▸ **Exercise prompt**
Word for word, repeat the data that follows. Do not include the pictures.

▸ **Information**
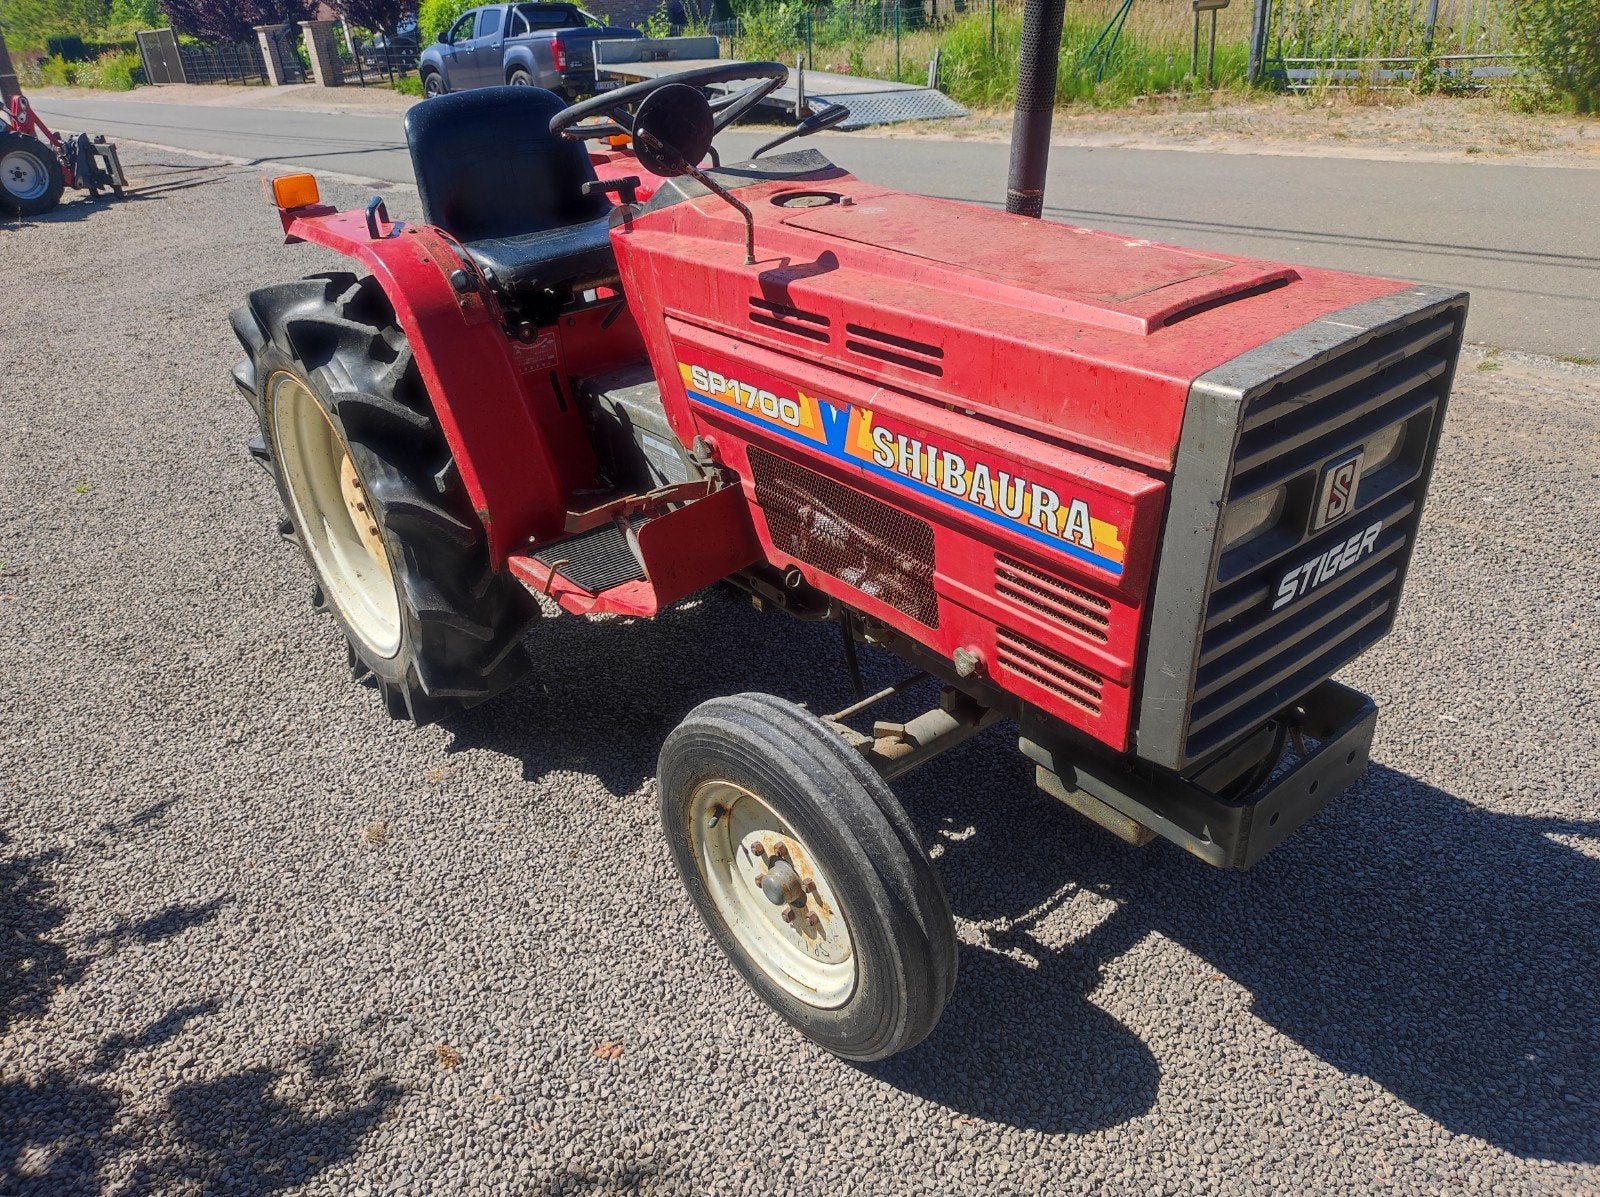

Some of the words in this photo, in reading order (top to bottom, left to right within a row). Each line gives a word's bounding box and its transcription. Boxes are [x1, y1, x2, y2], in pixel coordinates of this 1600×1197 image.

[691, 364, 800, 427] SP1700
[872, 425, 1094, 550] SHIBAURA
[1272, 520, 1383, 611] STIGER
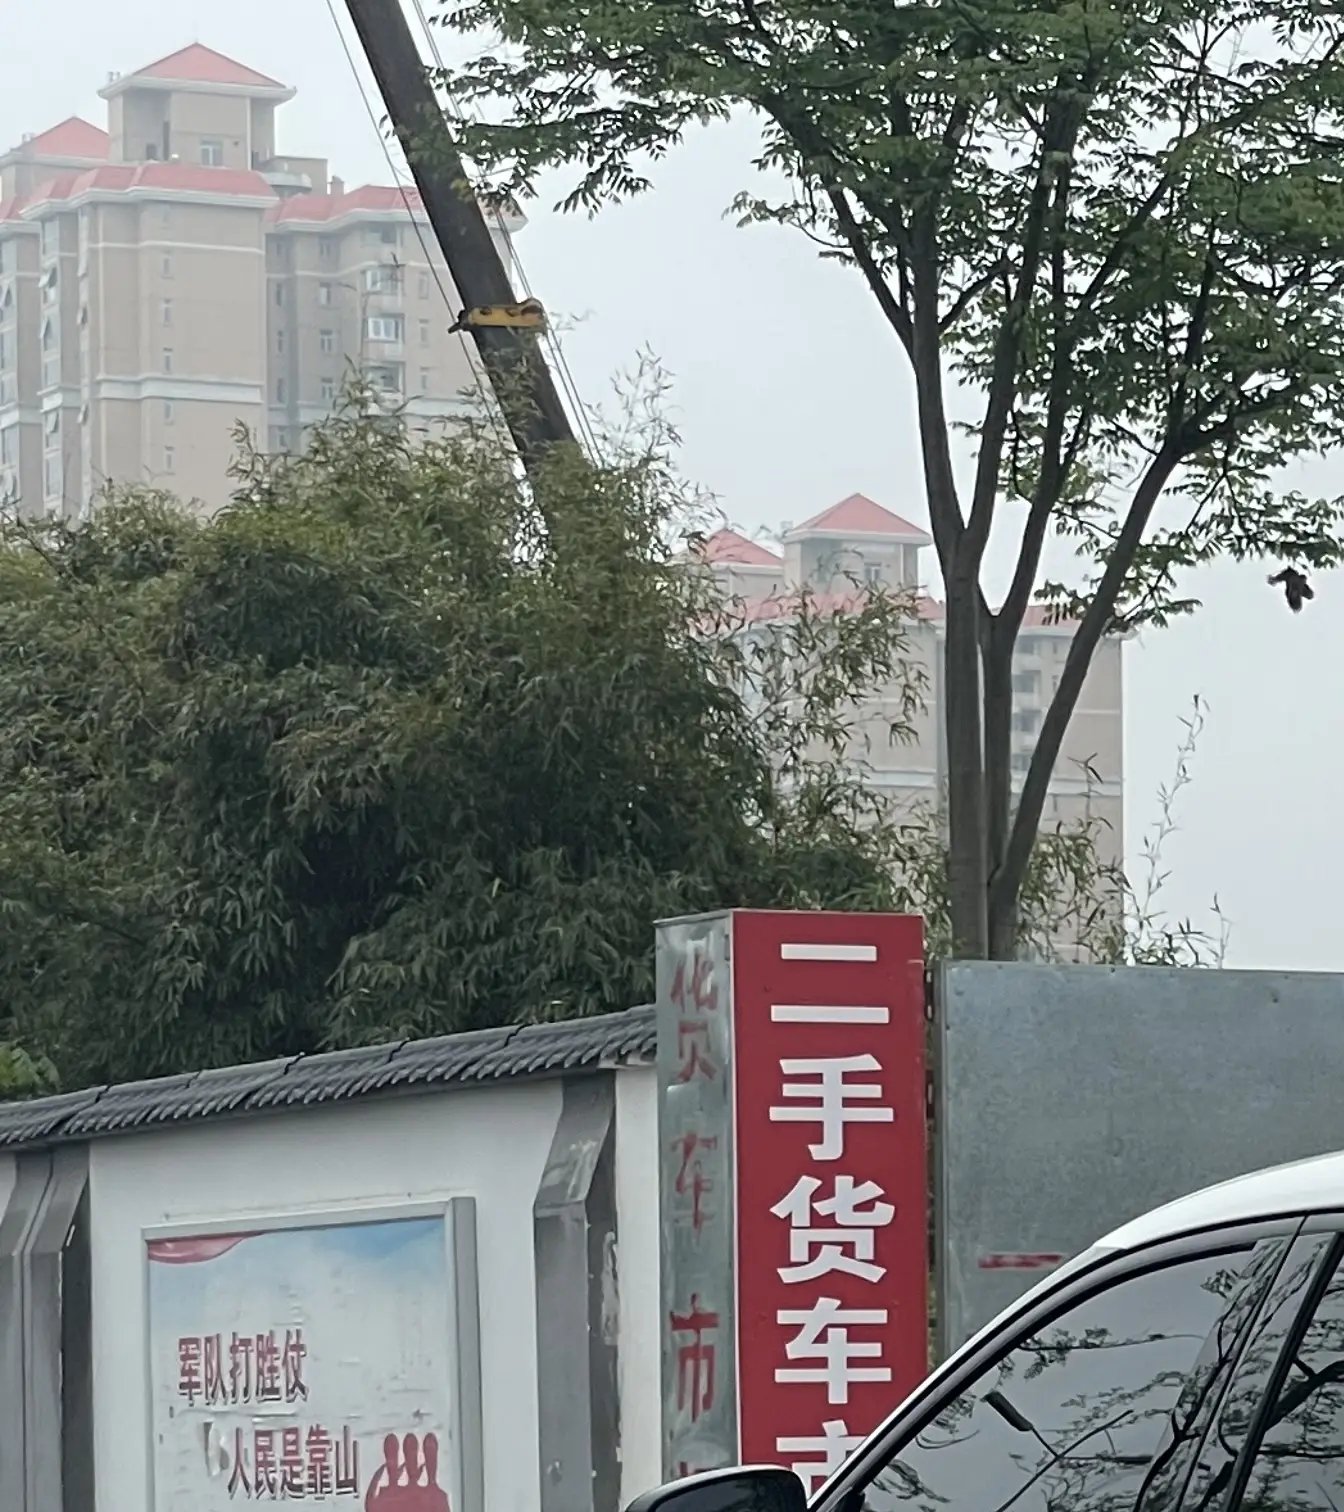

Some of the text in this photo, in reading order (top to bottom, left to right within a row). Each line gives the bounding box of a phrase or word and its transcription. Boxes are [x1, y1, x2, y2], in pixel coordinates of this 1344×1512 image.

▸ **Exercise response**
Some of the words in this photo, in reading order (top to bottom, left to right within a row). Each line gives a word's bounding box and its transcription. Boxes are [x1, y1, x2, y2], in pixel coordinates of this 1600×1197 image.

[691, 364, 800, 427] SP1700
[872, 425, 1094, 550] SHIBAURA
[1272, 520, 1383, 611] STIGER

Some of the text in this photo, in reading order (top to bottom, left to right within a row). Each line gives the bounding box of a phrase or word and its transcription. Boxes are [x1, y1, x2, y2], in pixel coordinates of this 1344×1512 image.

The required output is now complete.